RECORDS FOR THIS TASK:
▬▬▬▬▬▬▬▬▬▬

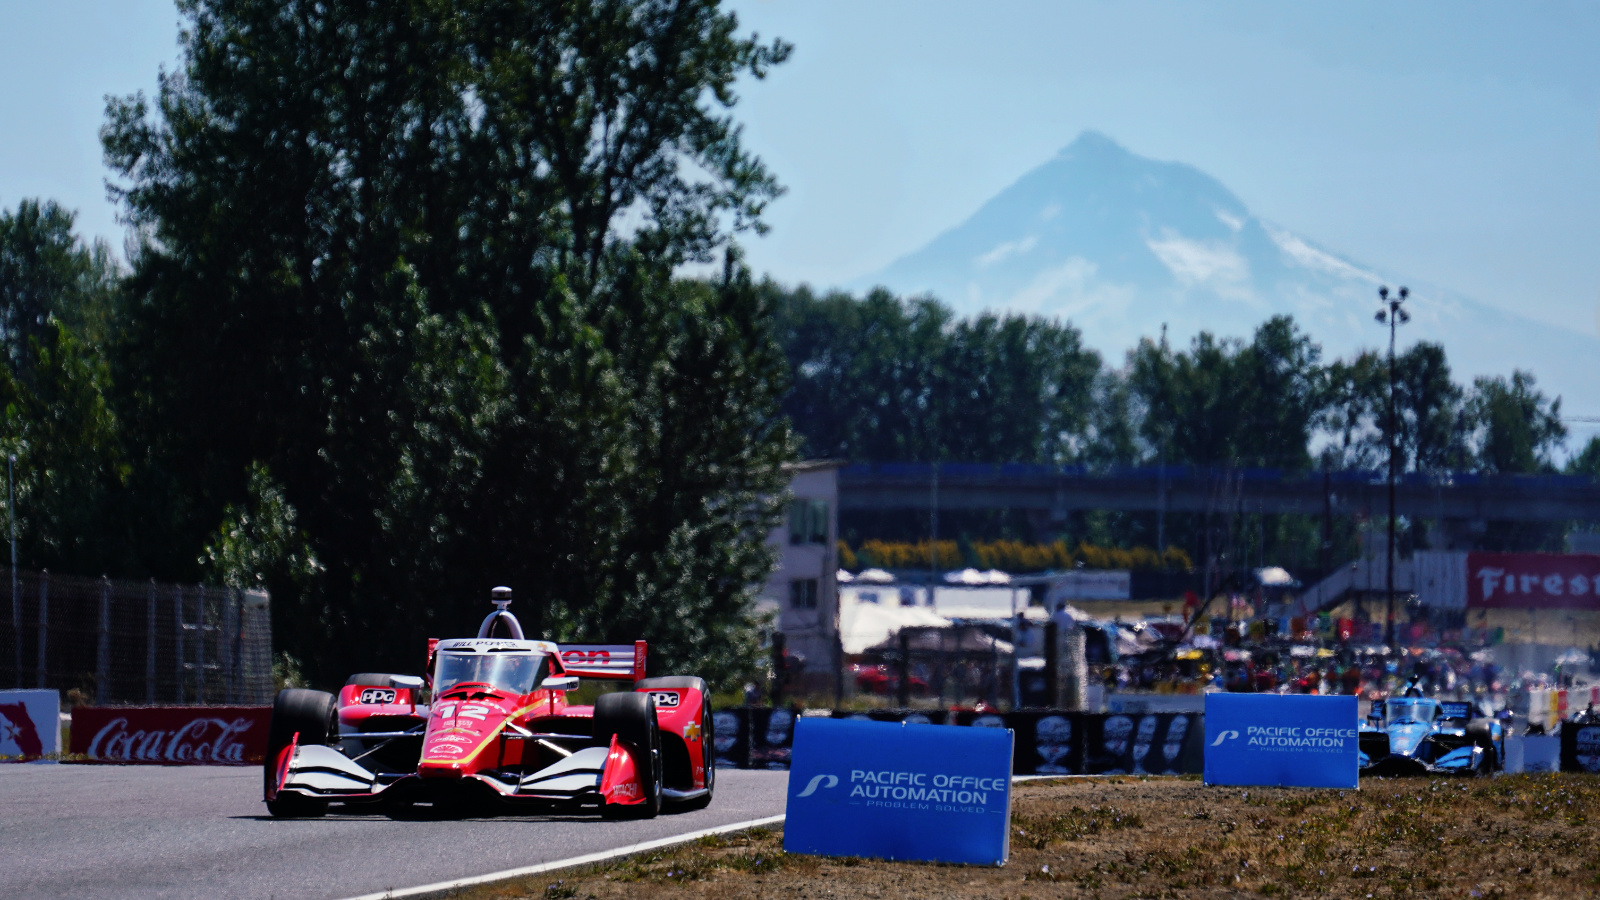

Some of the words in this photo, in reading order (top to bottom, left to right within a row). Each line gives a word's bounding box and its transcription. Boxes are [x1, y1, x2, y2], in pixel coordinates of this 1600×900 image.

[362, 690, 394, 704] PPG
[440, 705, 490, 721] 12
[88, 717, 253, 761] Coca-Cola
[1247, 726, 1301, 737] PACIFIC
[1305, 727, 1356, 738] OFFICE
[1247, 737, 1344, 747] AUTOMATION
[850, 770, 926, 786] PACIFIC
[932, 774, 1005, 791] OFFICE
[850, 785, 987, 804] AUTOMATION
[866, 800, 929, 810] PROBLEM
[935, 804, 985, 814] SOLVED
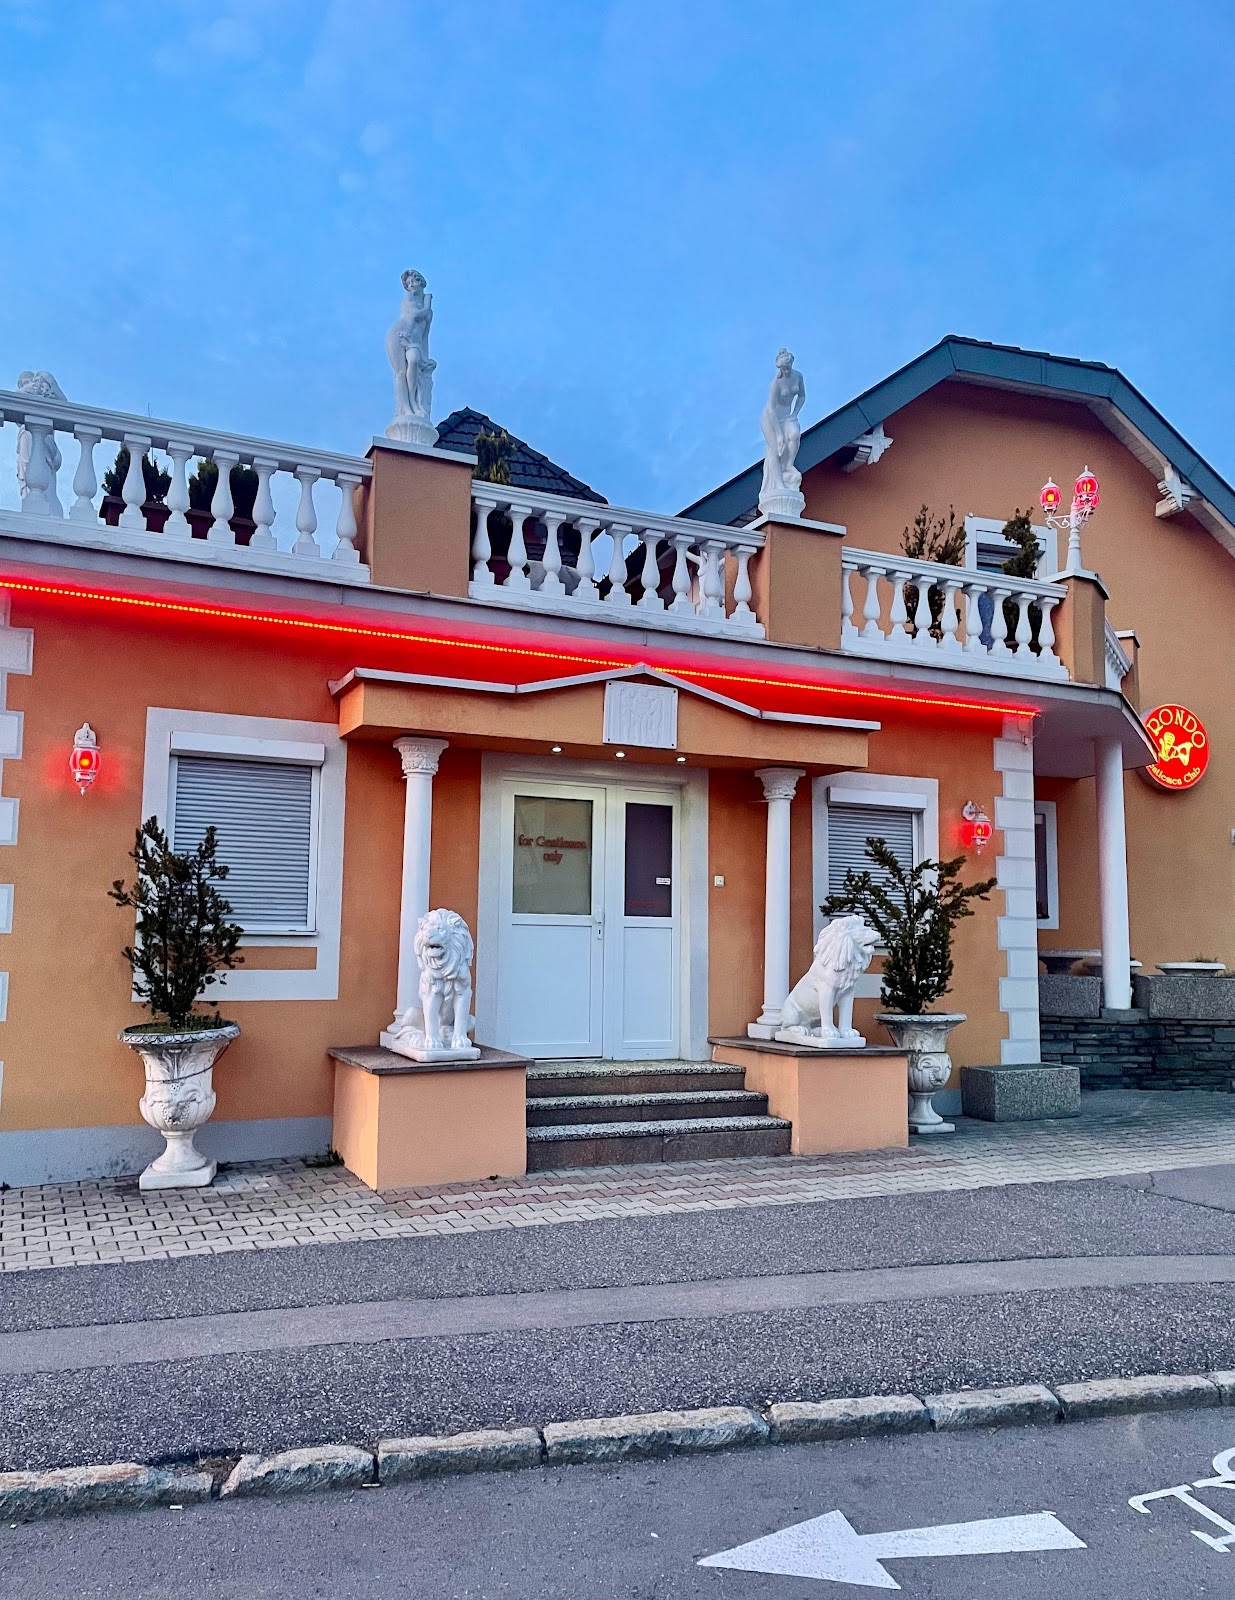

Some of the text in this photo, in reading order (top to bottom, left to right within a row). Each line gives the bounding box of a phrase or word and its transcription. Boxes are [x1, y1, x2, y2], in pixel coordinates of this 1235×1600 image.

[1146, 709, 1206, 748] RONDO
[1149, 764, 1201, 785] entlemen Club
[519, 834, 534, 846] for

▬▬▬▬▬▬▬▬▬▬

EXERCISE AIM: Please retype every record exactly, leaving the pictures out.

SOLUTION FOR THIS EXERCISE:
Some of the words in this photo, in reading order (top to bottom, left to right within a row). Each line gives a word's bounding box and its transcription. Boxes are [x1, y1, x2, y2], in pixel coordinates of this 1600×900 image.

[362, 690, 394, 704] PPG
[440, 705, 490, 721] 12
[88, 717, 253, 761] Coca-Cola
[1247, 726, 1301, 737] PACIFIC
[1305, 727, 1356, 738] OFFICE
[1247, 737, 1344, 747] AUTOMATION
[850, 770, 926, 786] PACIFIC
[932, 774, 1005, 791] OFFICE
[850, 785, 987, 804] AUTOMATION
[866, 800, 929, 810] PROBLEM
[935, 804, 985, 814] SOLVED

Some of the text in this photo, in reading order (top to bottom, left to right within a row). Each line gives the bounding box of a phrase or word and its transcription. Boxes are [x1, y1, x2, y2], in pixel coordinates of this 1235×1600 image.

[1146, 709, 1206, 748] RONDO
[1149, 764, 1201, 785] entlemen Club
[519, 834, 534, 846] for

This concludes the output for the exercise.